* **DATA FOR THIS TASK**:
# # #
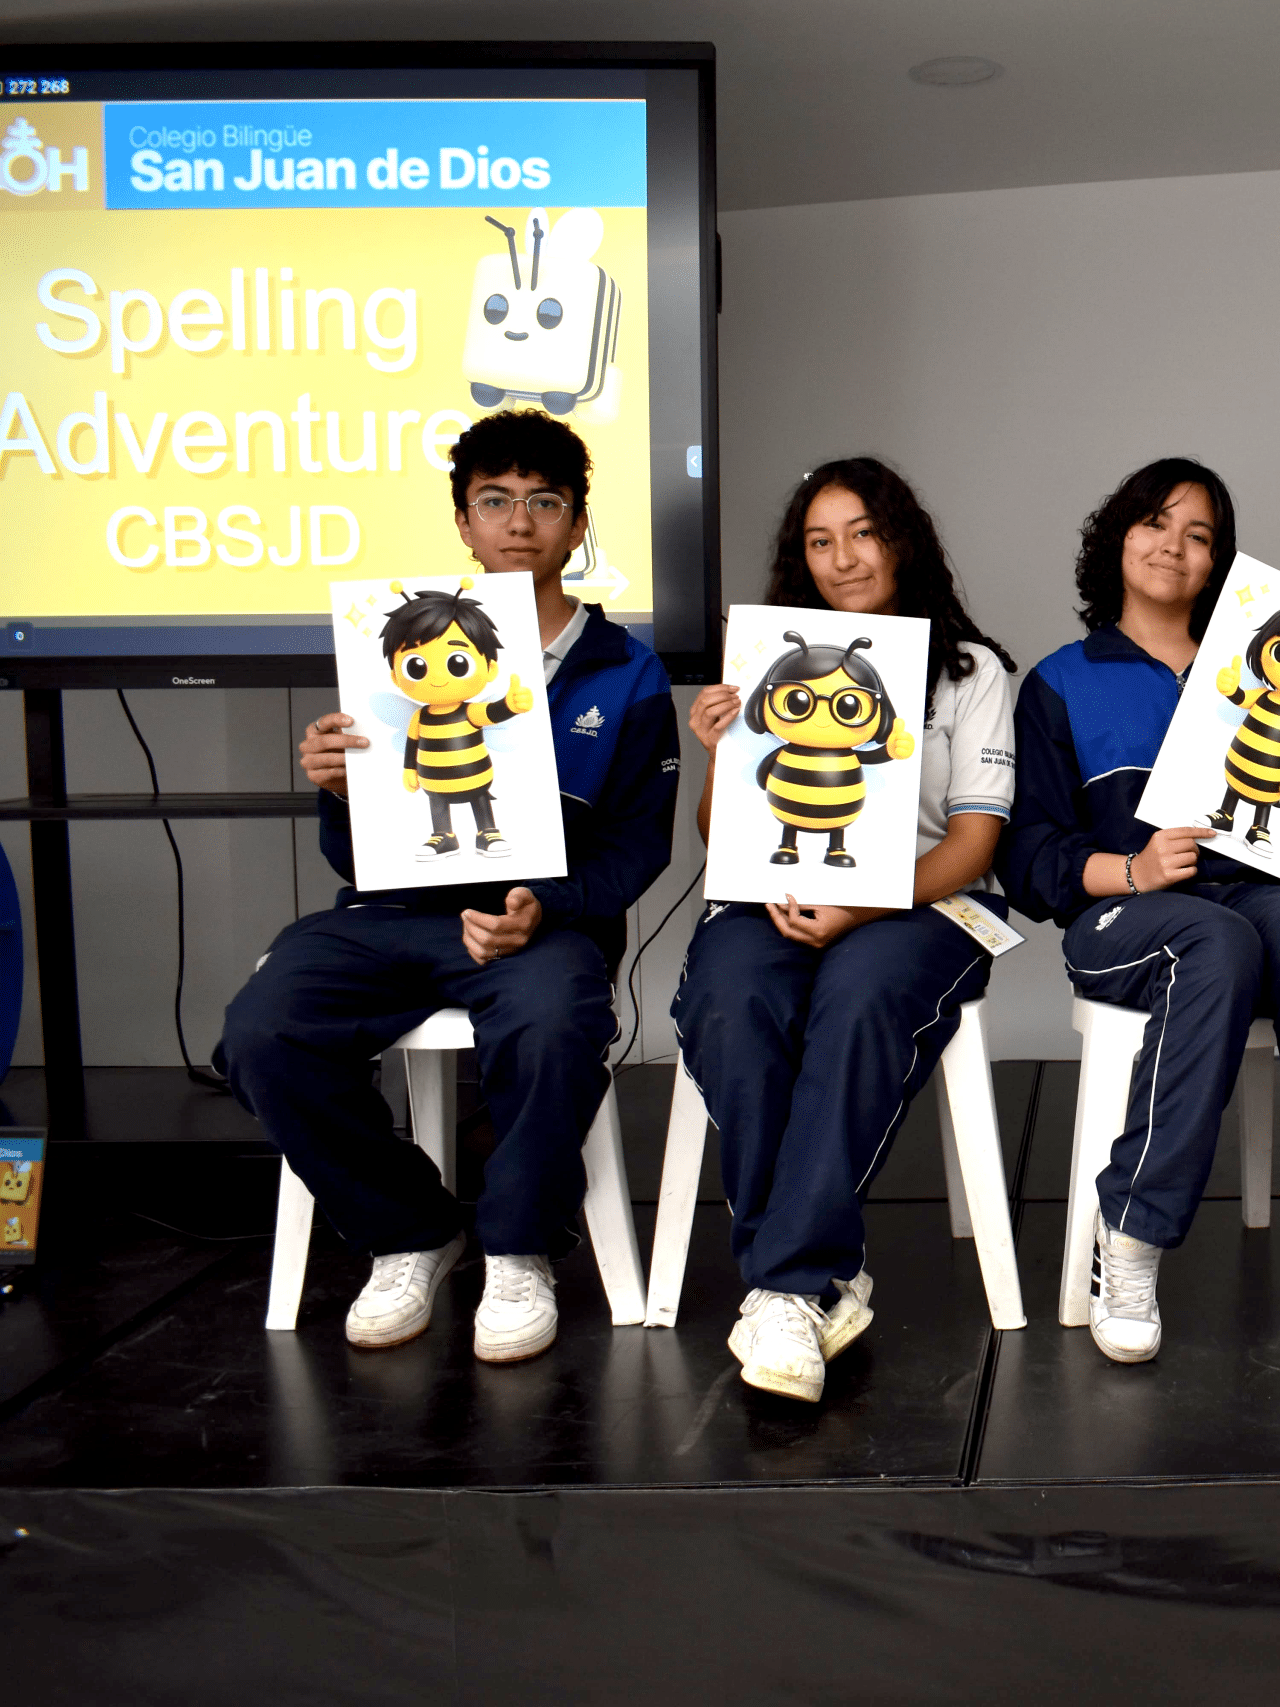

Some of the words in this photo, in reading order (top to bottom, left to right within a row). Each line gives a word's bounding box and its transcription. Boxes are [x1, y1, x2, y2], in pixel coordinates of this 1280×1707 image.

[9, 79, 37, 94] 272
[41, 79, 70, 94] 268
[129, 125, 217, 153] Colegio
[223, 124, 313, 152] Bilingüe
[130, 148, 225, 192] San
[233, 148, 357, 191] Juan
[366, 147, 430, 190] de
[439, 144, 551, 190] Dios
[35, 267, 418, 374] Spelling
[0, 391, 473, 474] Adventure
[106, 505, 361, 567] CBSJD
[171, 676, 216, 685] OneScreen
[980, 756, 993, 765] SAN
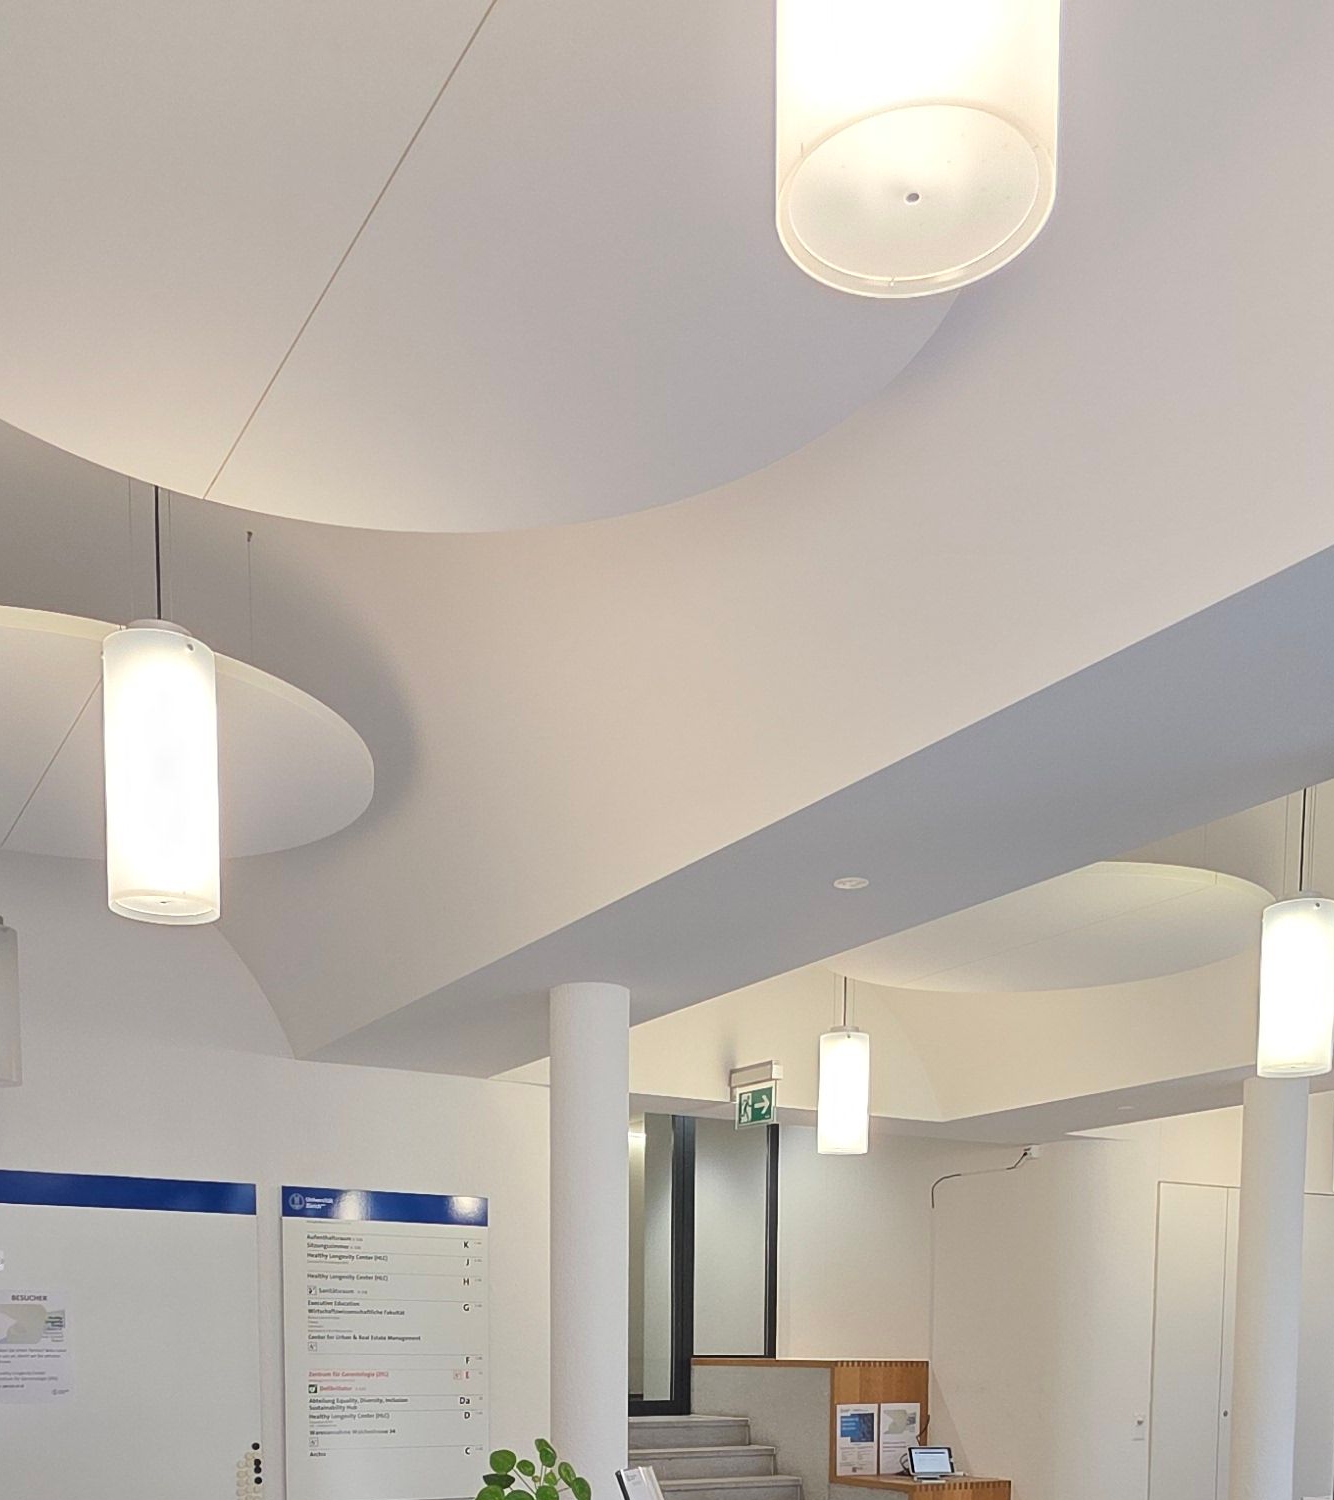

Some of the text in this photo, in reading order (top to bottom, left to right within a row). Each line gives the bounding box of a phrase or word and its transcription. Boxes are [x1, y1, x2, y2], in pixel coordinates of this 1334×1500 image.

[463, 1241, 469, 1249] K
[463, 1278, 470, 1286] H
[463, 1303, 469, 1312] G
[465, 1447, 470, 1455] C
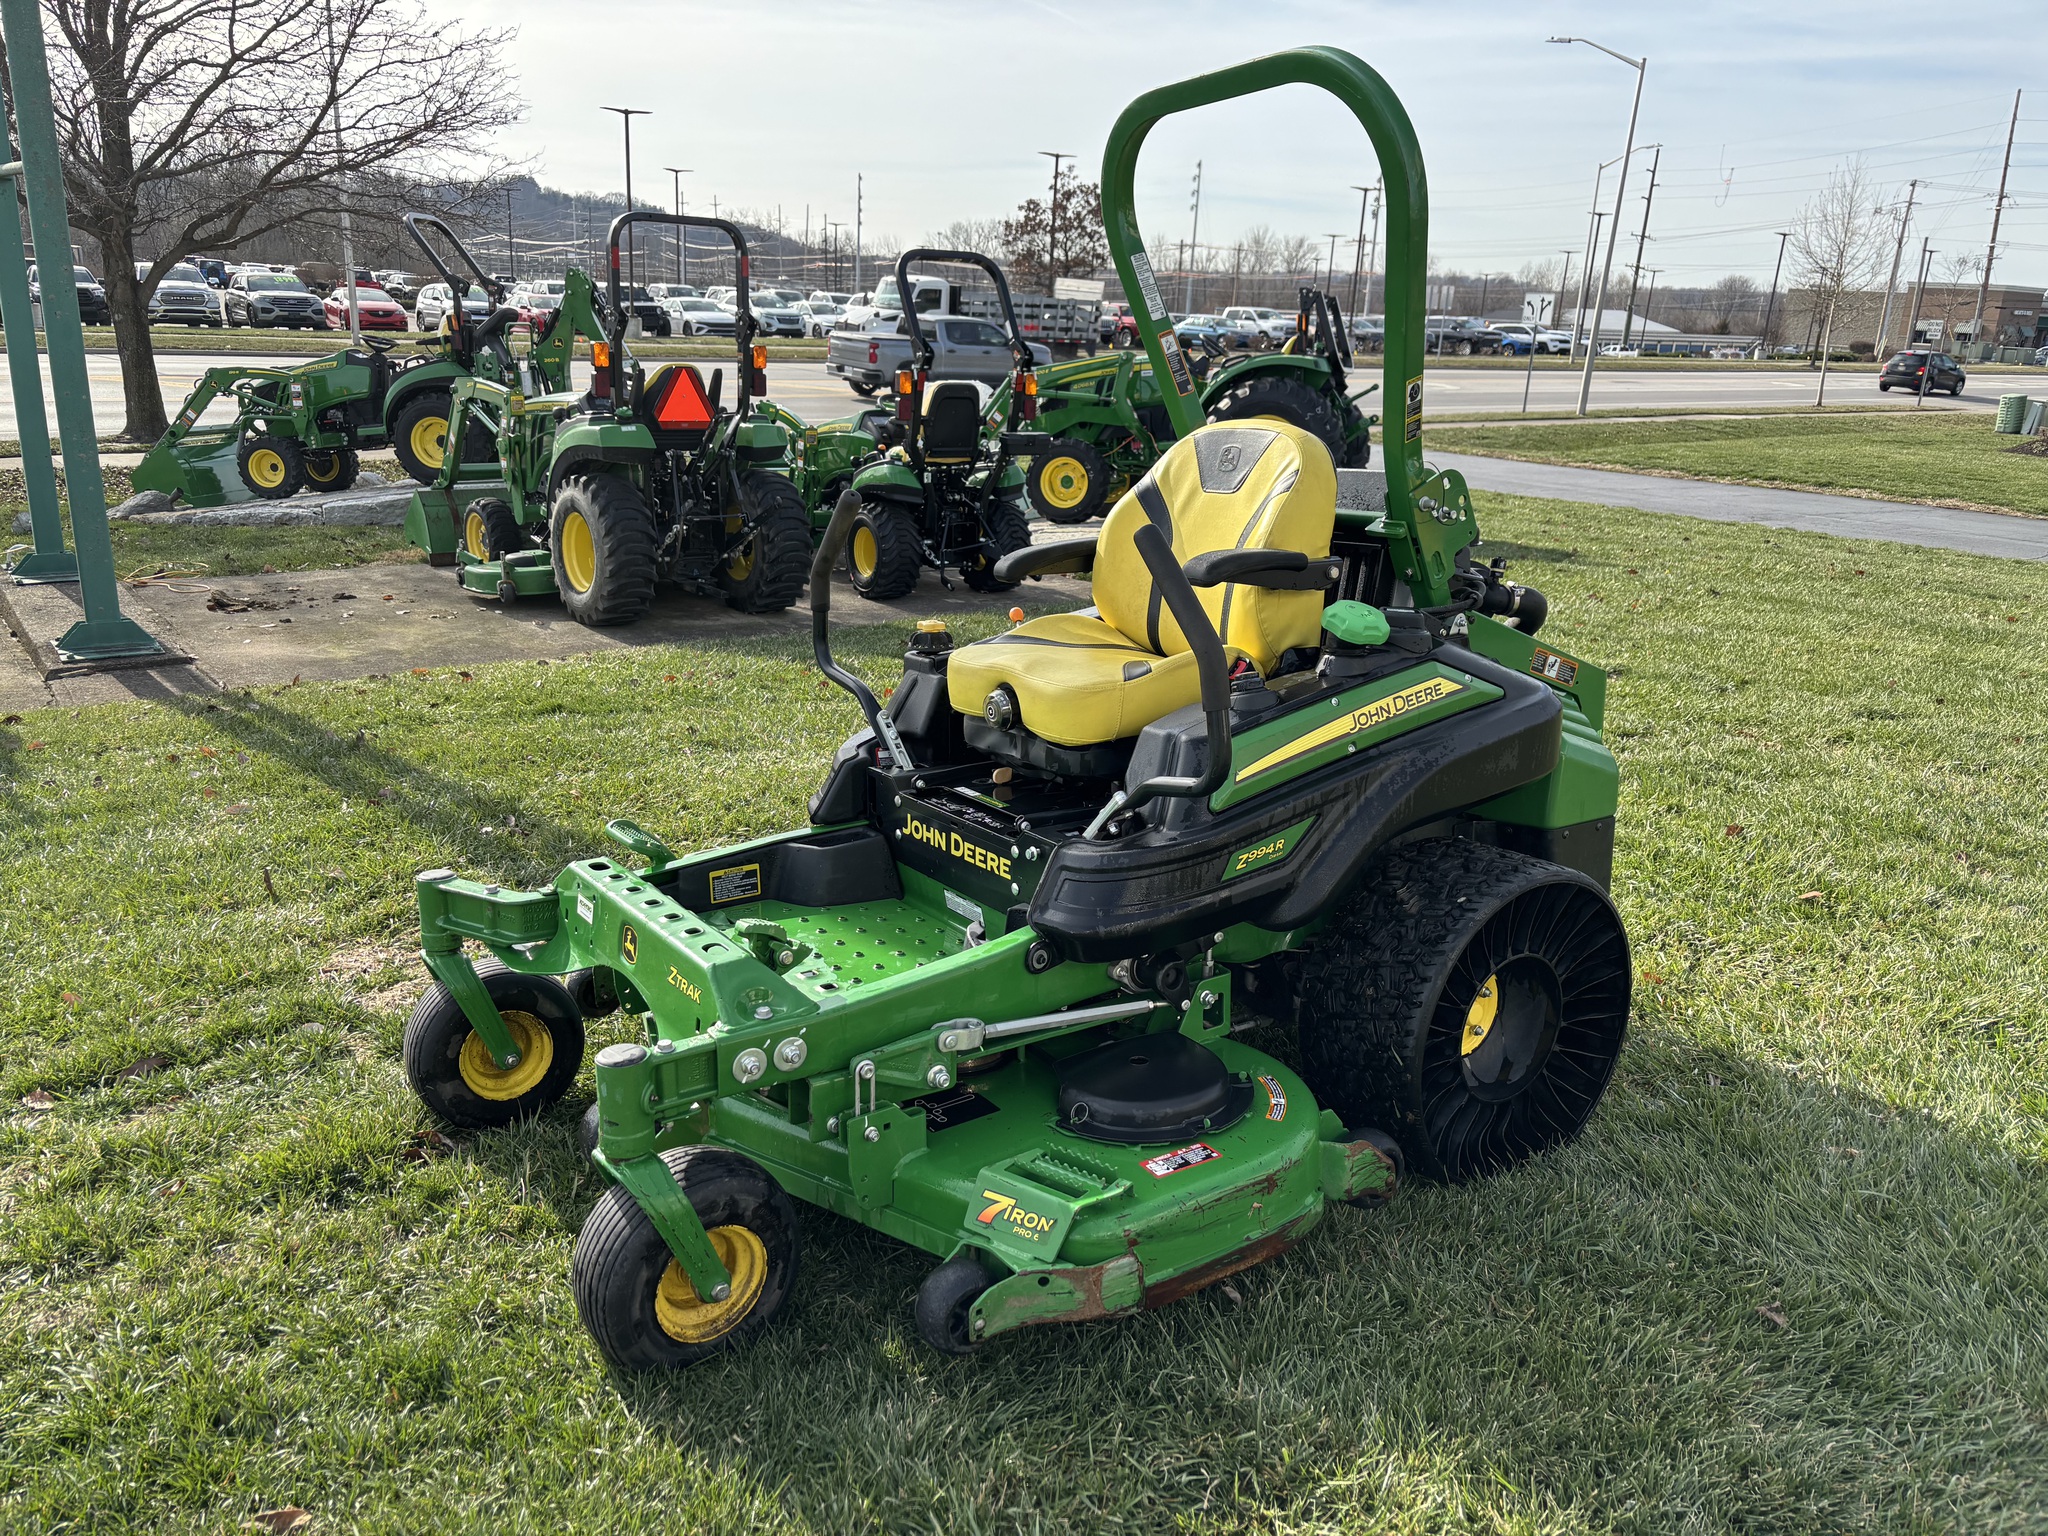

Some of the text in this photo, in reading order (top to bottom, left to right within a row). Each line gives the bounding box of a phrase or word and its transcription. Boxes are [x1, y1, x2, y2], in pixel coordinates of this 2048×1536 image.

[1350, 683, 1443, 732] JOHN DEERE
[902, 813, 947, 852] JOHN
[950, 831, 1012, 880] DEERE
[667, 965, 702, 1004] ZTRAK
[1012, 1226, 1032, 1239] PRO
# # #
* **DIRECTIONS**:
With pictures omitted, restate word for word every line above from the one containing "this 1334×1500 image." to the end of the entries.

* **YOUR SOLUTION**:
Some of the text in this photo, in reading order (top to bottom, left to right within a row). Each line gives the bounding box of a phrase or word and its transcription. Boxes are [x1, y1, x2, y2], in pixel coordinates of this 1334×1500 image.

[463, 1241, 469, 1249] K
[463, 1278, 470, 1286] H
[463, 1303, 469, 1312] G
[465, 1447, 470, 1455] C

Some of the text in this photo, in reading order (top to bottom, left to right within a row). Each line gives the bounding box of a phrase or word and its transcription. Boxes are [x1, y1, x2, y2], in pixel coordinates of this 2048×1536 image.

[1350, 683, 1443, 732] JOHN DEERE
[902, 813, 947, 852] JOHN
[950, 831, 1012, 880] DEERE
[667, 965, 702, 1004] ZTRAK
[1012, 1226, 1032, 1239] PRO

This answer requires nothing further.